**DATASET ENTRIES**
————————

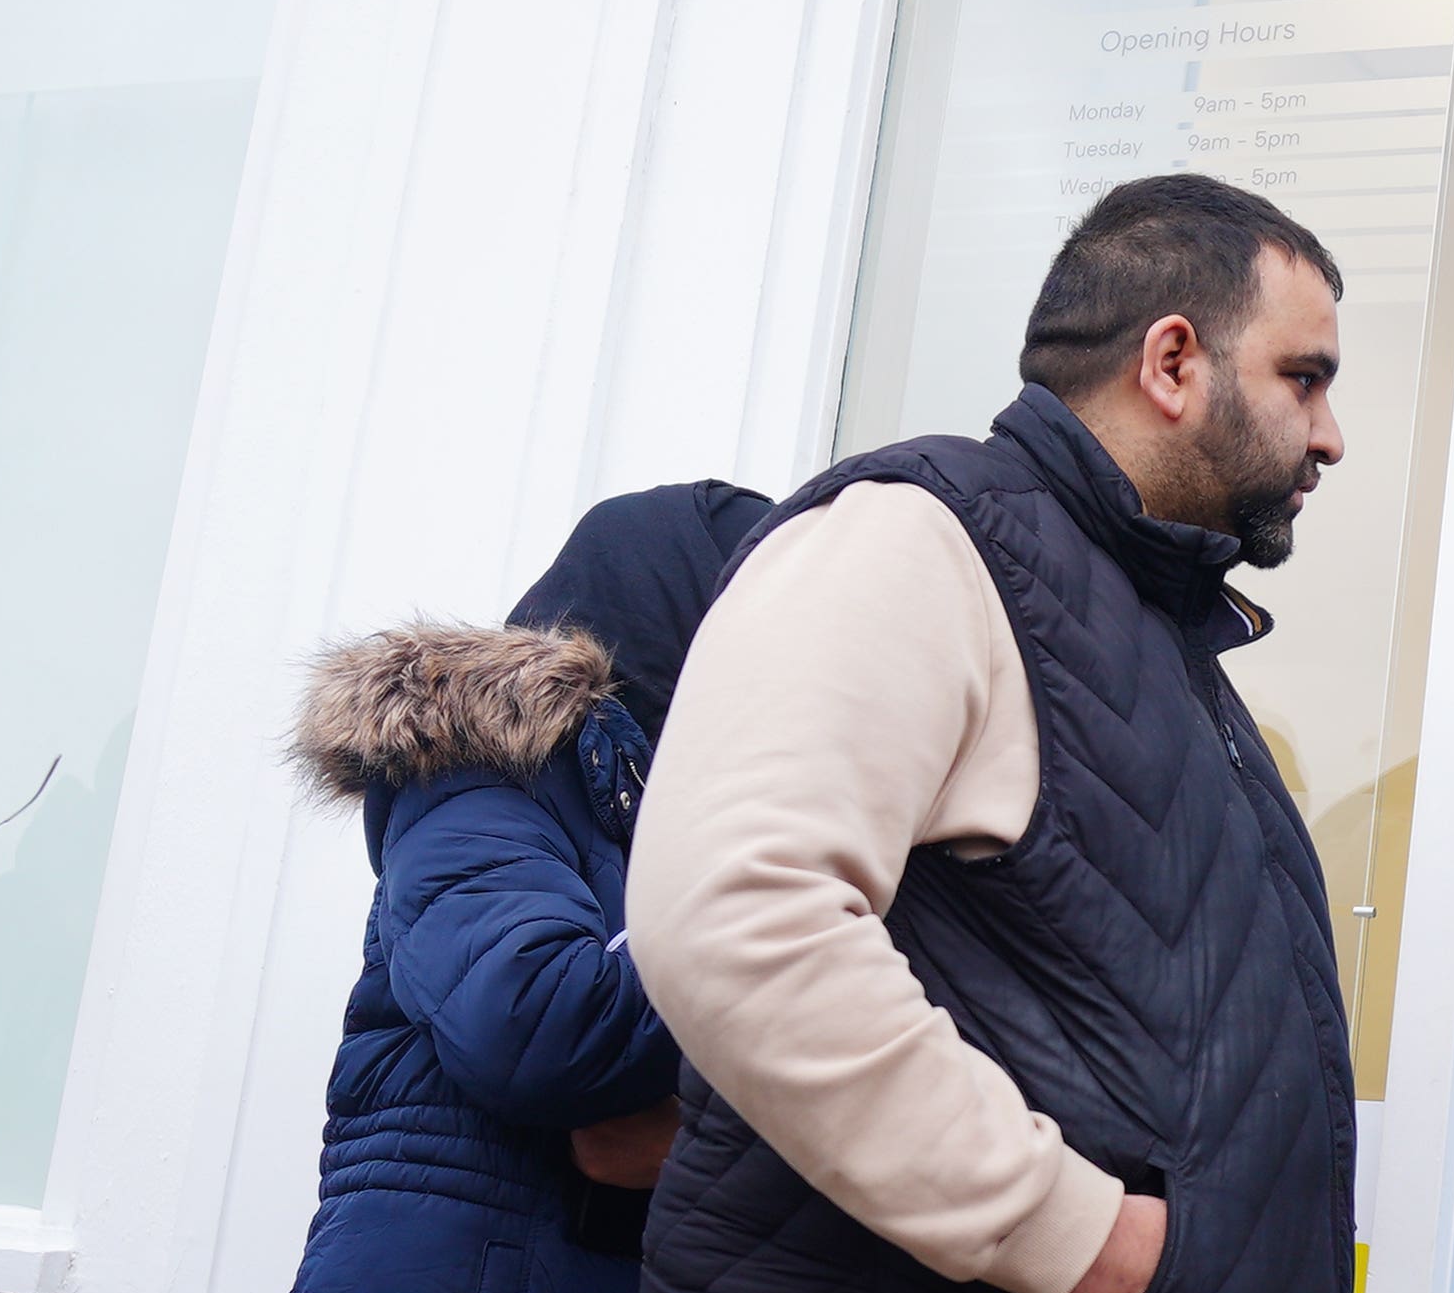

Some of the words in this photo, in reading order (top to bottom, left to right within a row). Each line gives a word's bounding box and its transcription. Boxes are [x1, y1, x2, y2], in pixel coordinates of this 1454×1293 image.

[1100, 26, 1210, 57] Opening
[1219, 21, 1296, 45] Hours
[1068, 101, 1146, 122] Monday
[1193, 96, 1237, 114] 9am
[1261, 92, 1307, 113] 5pm
[1062, 139, 1144, 159] Tuesday
[1187, 134, 1231, 152] 9am
[1254, 130, 1301, 152] 5pm
[1251, 168, 1298, 189] 5pm
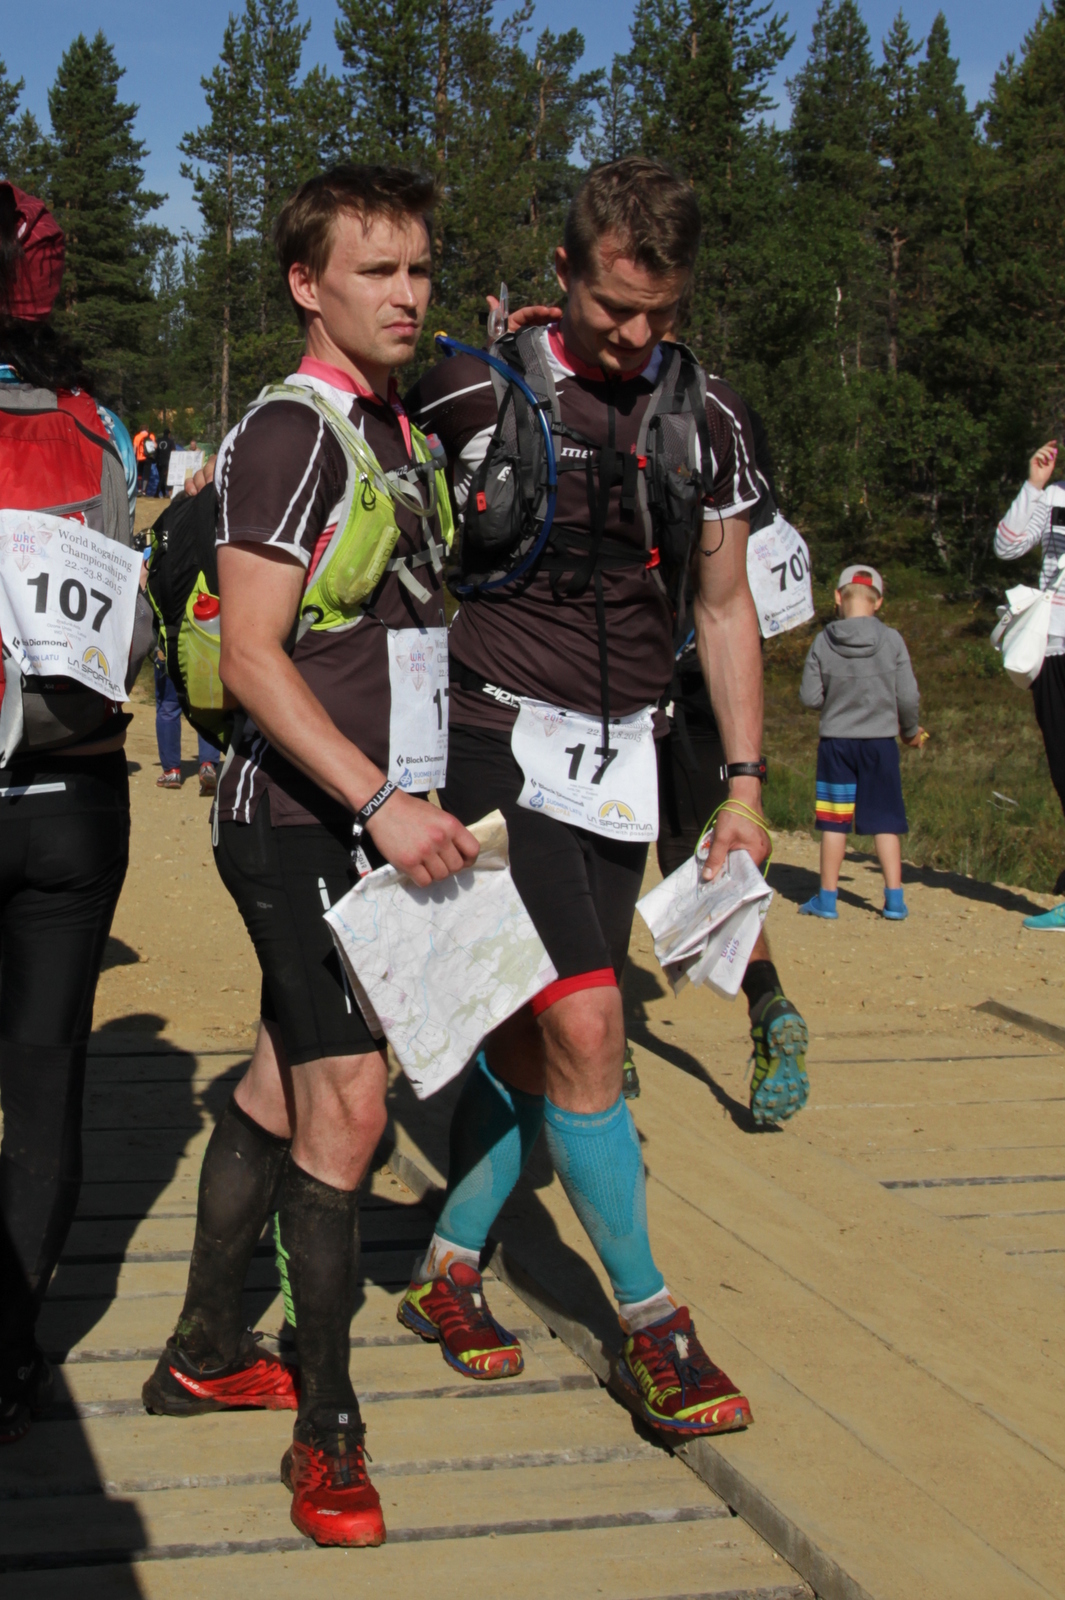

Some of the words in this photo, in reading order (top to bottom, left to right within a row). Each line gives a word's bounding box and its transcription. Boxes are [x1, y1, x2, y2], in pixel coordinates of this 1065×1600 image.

[12, 533, 36, 544] WRC
[12, 543, 36, 554] 2015
[58, 528, 88, 548] World
[91, 541, 132, 573] Rogaining
[61, 543, 127, 582] Championships
[65, 559, 122, 596] 22.-23.8.2015
[27, 572, 112, 632] 107
[28, 638, 68, 648] Diamond
[67, 657, 80, 668] LA
[410, 652, 426, 662] WRC
[410, 662, 426, 672] 2015
[544, 712, 564, 724] 2015
[406, 756, 423, 764] Black
[565, 742, 619, 785] 17
[599, 818, 653, 831] SPORTIVA
[629, 829, 654, 837] passion
[727, 938, 740, 964] 2015

————————

**YOUR INSTRUCTIONS**
All text in the material above must be written out exactly; the images are to be skipped.

**RESULT**
Some of the words in this photo, in reading order (top to bottom, left to right within a row). Each line gives a word's bounding box and its transcription. Boxes are [x1, y1, x2, y2], in pixel coordinates of this 1454×1293 image.

[1100, 26, 1210, 57] Opening
[1219, 21, 1296, 45] Hours
[1068, 101, 1146, 122] Monday
[1193, 96, 1237, 114] 9am
[1261, 92, 1307, 113] 5pm
[1062, 139, 1144, 159] Tuesday
[1187, 134, 1231, 152] 9am
[1254, 130, 1301, 152] 5pm
[1251, 168, 1298, 189] 5pm

Some of the words in this photo, in reading order (top to bottom, left to right within a row). Each line gives a word's bounding box and its transcription. Boxes are [x1, y1, x2, y2], in pixel coordinates of this 1065×1600 image.

[12, 533, 36, 544] WRC
[12, 543, 36, 554] 2015
[58, 528, 88, 548] World
[91, 541, 132, 573] Rogaining
[61, 543, 127, 582] Championships
[65, 559, 122, 596] 22.-23.8.2015
[27, 572, 112, 632] 107
[28, 638, 68, 648] Diamond
[67, 657, 80, 668] LA
[410, 652, 426, 662] WRC
[410, 662, 426, 672] 2015
[544, 712, 564, 724] 2015
[406, 756, 423, 764] Black
[565, 742, 619, 785] 17
[599, 818, 653, 831] SPORTIVA
[629, 829, 654, 837] passion
[727, 938, 740, 964] 2015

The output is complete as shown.